図6の白の棒グラフは水酸化物の不均化反応(2KOH→ K2O2+H2 and/or 2KOH+3H2O→ 2KO2+3H2+3/2O2)による水素の発生量を示している。図6の黒の棒グラフは水酸化物の不均化反応に加えて、水の分解反応(H2O→ H2+1/2O2)による水素の発生量を示している。したがって後者と前者の差は各元素の水の分解能力を表す。図6に示すアルカリ金属元素(Csを除く)、アルカリ土類金属元素(Baを除く)はいずれも、水の分解反応を触媒することができる。中でも好適な元素はカリウムである。
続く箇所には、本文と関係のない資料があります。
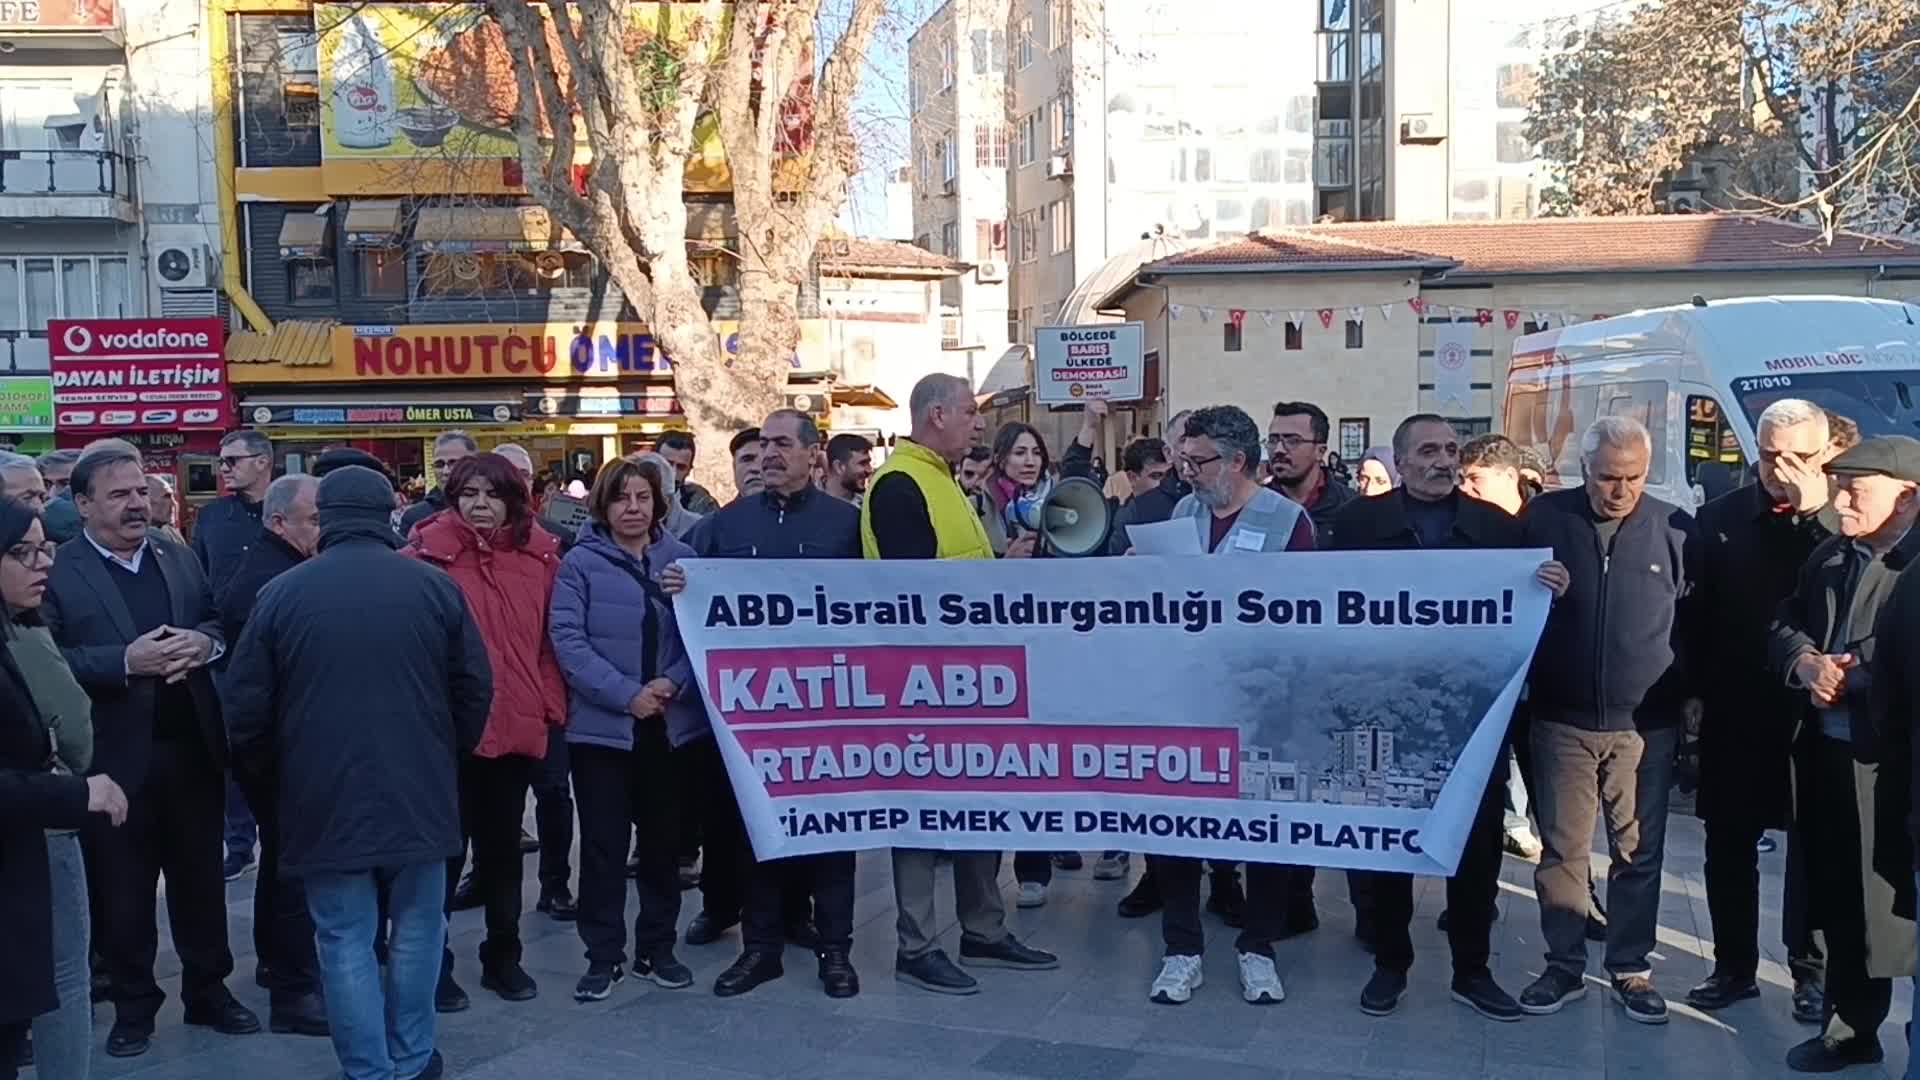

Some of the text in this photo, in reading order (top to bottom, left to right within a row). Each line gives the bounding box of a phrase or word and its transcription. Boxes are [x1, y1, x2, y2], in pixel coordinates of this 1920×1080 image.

[99, 328, 209, 349] vodafone
[1060, 331, 1117, 341] BÖLGEDE
[354, 335, 557, 376] NOHUTCU
[1070, 344, 1108, 356] BARIŞ
[1066, 357, 1112, 367] ÜLKEDE
[54, 364, 220, 389] DAYAN İLETİŞİM
[1053, 367, 1127, 380] DEMOKRASİ!
[1740, 375, 1792, 391] 27/010
[407, 406, 440, 421] ÖMER
[444, 407, 473, 421] USTA
[705, 585, 1514, 633] ABD-İsrail Saldırganlığı Son Bulsun!
[718, 654, 1018, 713] KATİL ABD
[752, 733, 1231, 784] RTADOĞUDAN DEFOL!
[920, 809, 1012, 833] EMEK
[1020, 810, 1064, 833] VE
[1075, 810, 1279, 844] DEMOKRASİ
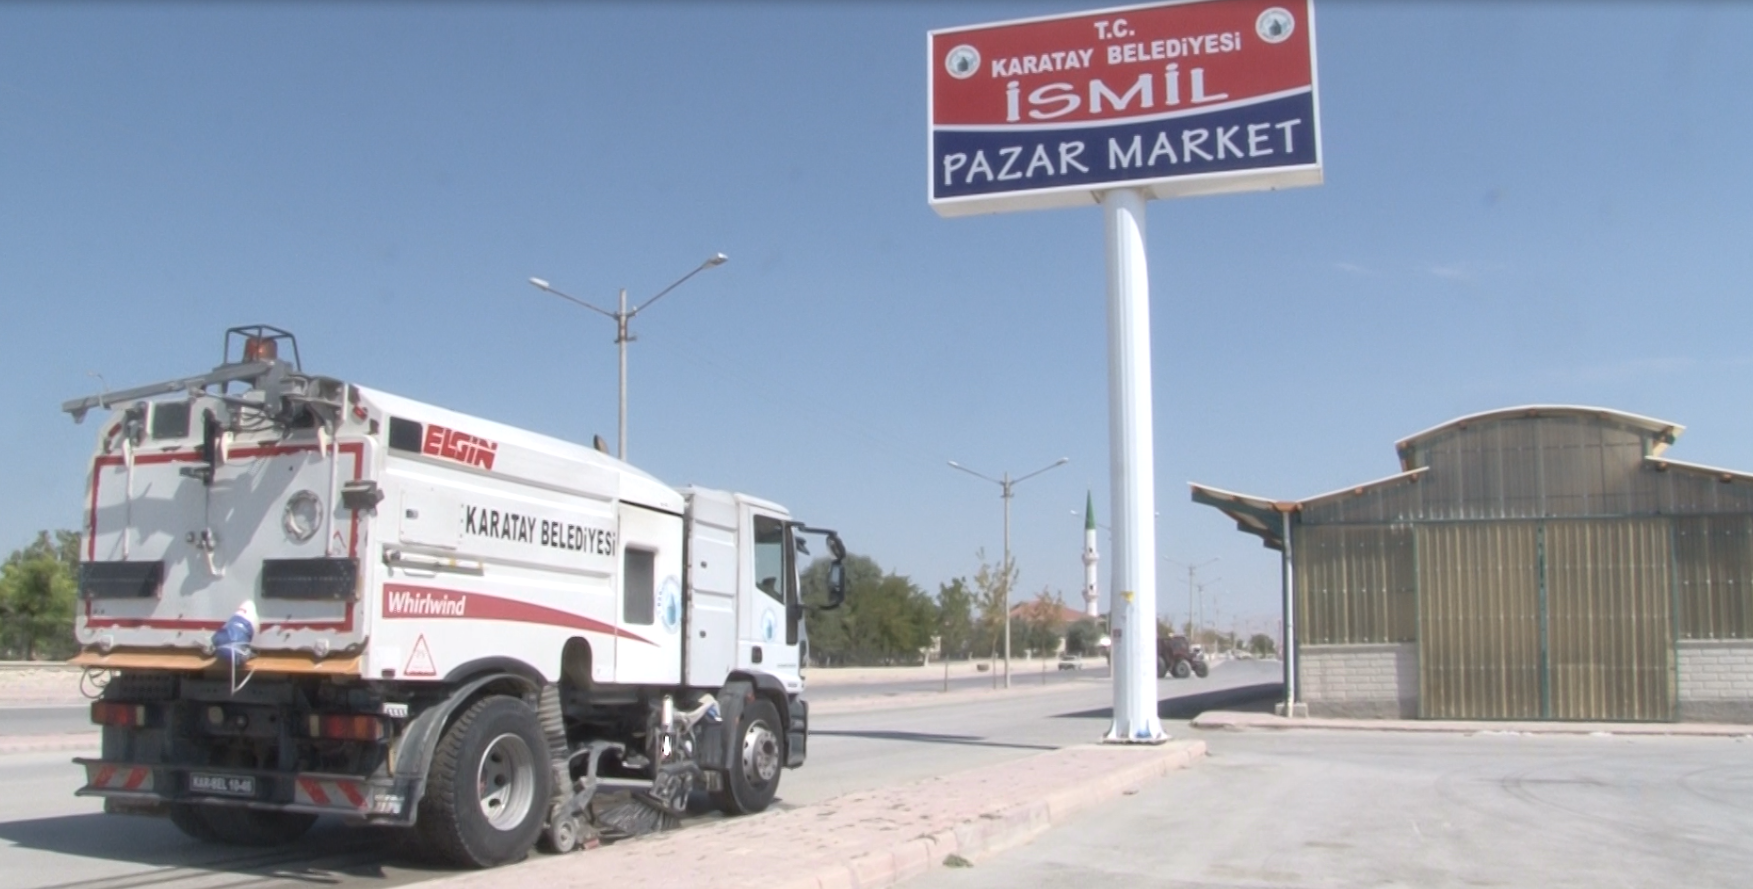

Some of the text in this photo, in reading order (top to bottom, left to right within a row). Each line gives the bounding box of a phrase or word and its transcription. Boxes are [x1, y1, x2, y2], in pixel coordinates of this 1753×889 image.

[1095, 19, 1135, 39] T.C.
[991, 48, 1094, 78] KARATAY
[943, 119, 1301, 185] PAZAR MARKET
[465, 504, 536, 544] KARATAY
[388, 590, 466, 616] Whirlwind
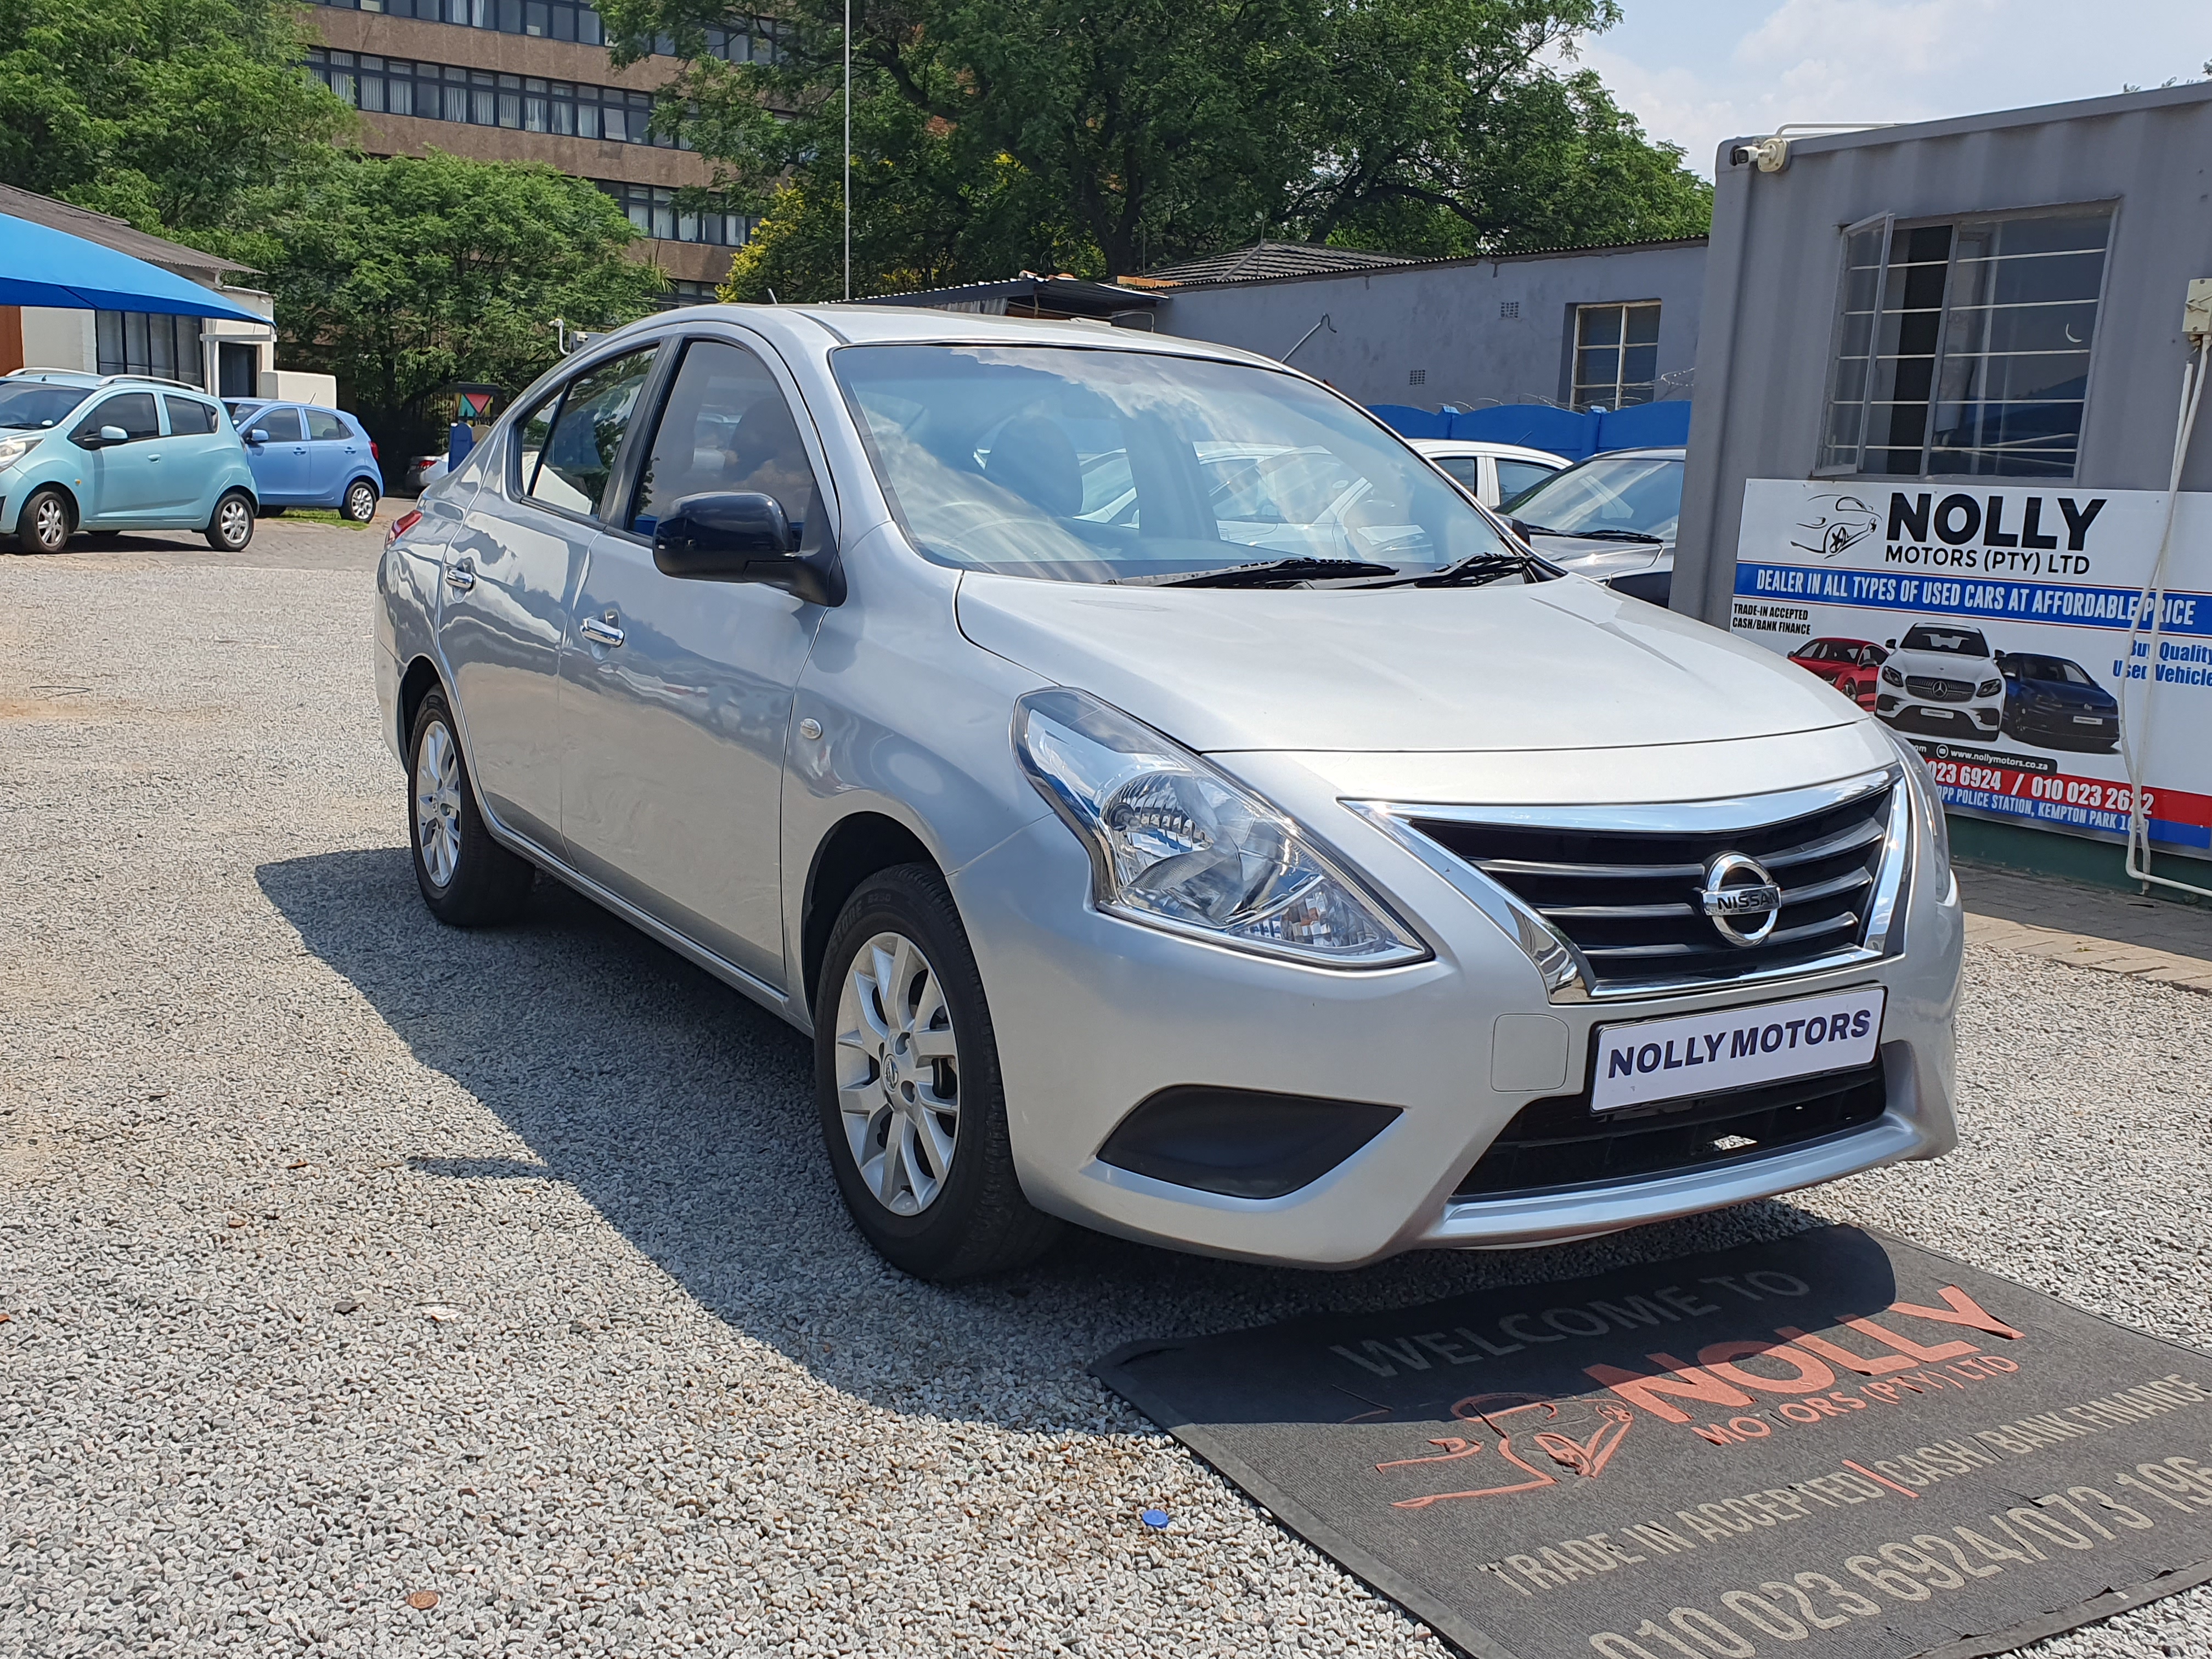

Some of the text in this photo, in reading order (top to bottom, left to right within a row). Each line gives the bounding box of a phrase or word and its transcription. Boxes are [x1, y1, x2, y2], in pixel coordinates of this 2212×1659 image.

[1886, 492, 2108, 551] NOLLY
[1885, 545, 2090, 575] MOTORS (PTY) LTD
[1734, 603, 1808, 620] TRADE-IN ACCEPTED
[1756, 569, 1803, 593] DEALER
[1807, 573, 1821, 594] IN
[1823, 574, 1848, 597] ALL
[1853, 576, 1896, 601] TYPES
[1900, 579, 1919, 602] OF
[1922, 581, 1961, 605] USED
[1965, 584, 2005, 610] CARS
[2007, 588, 2029, 612] AT
[2031, 589, 2138, 620] AFFORDABLE
[1732, 617, 1810, 635] CASH/BANK FINANCE
[1950, 749, 2048, 771] www.nollymotors.co.za
[1956, 789, 1990, 808] POLICE
[1991, 794, 2035, 817] STATION,
[2038, 802, 2087, 824] KEMPTON
[2089, 811, 2118, 830] PARK
[1960, 766, 2001, 791] 6924
[2032, 776, 2063, 800] 010
[2067, 782, 2102, 806] 023
[1717, 891, 1778, 910] NISSAN
[1607, 1009, 1871, 1079] NOLLY MOTORS
[1329, 1270, 1810, 1378] WELCOME TO
[1583, 1283, 2026, 1423] NOLLY
[1859, 1370, 1965, 1404] (PTY)
[1945, 1356, 2019, 1380] LTD
[1480, 1533, 1646, 1596] TRADE
[1620, 1520, 1697, 1555] IN
[1719, 1572, 1882, 1641] 023
本発明で、各種の熱源、それも比較的低い温度のものを利用して水素や酸素を効率良く製造することができる。例えば、各種のエネルギーを消費して熱を発生するプラントからの廃熱、廃棄物あるいはゴミなどを焼却して生ずる熱などを有効に利用して、クリーンなエネルギー燃料として期待される水素を製造可能であり、しかもおおよそ190〜200℃という低い温度で水の熱分解を利用できるので、広範な分野での利用が見込める。本発明では、サイクルシステムで水の熱分解による水素や酸素の製造系を構築でき、原料は水だけであり、炭酸ガス排出などといった環境汚染の問題がなく、またハロゲン化水素を利用するといったことによる装置の腐食の問題も少なく優れている。本発明の水の熱化学的分解法は、大幅な水素製造コストの低減化を期待でき、小規模な設備での製造の可能性も有している。
本発明は、前述の説明及び実施例に特に記載した以外も、実行できることは明らかである。上述の教示に鑑みて、本発明の多くの改変及び変形が可能であり、従ってそれらも本件添付の請求の範囲の範囲内のものである。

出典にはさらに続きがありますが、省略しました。